SUPPLIED RECORDS:
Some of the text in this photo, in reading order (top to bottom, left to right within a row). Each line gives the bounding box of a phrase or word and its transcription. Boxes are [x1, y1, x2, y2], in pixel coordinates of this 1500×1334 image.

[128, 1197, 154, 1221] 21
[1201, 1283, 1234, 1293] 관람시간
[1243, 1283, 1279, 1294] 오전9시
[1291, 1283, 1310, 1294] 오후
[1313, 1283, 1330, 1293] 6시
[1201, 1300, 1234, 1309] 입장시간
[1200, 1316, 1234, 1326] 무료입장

REQUIRED WORK: Give every entry back unchanged. Leave none out.

SOLVED PROBLEM:
Some of the text in this photo, in reading order (top to bottom, left to right within a row). Each line gives the bounding box of a phrase or word and its transcription. Boxes are [x1, y1, x2, y2], in pixel coordinates of this 1500×1334 image.

[128, 1197, 154, 1221] 21
[1201, 1283, 1234, 1293] 관람시간
[1243, 1283, 1279, 1294] 오전9시
[1291, 1283, 1310, 1294] 오후
[1313, 1283, 1330, 1293] 6시
[1201, 1300, 1234, 1309] 입장시간
[1200, 1316, 1234, 1326] 무료입장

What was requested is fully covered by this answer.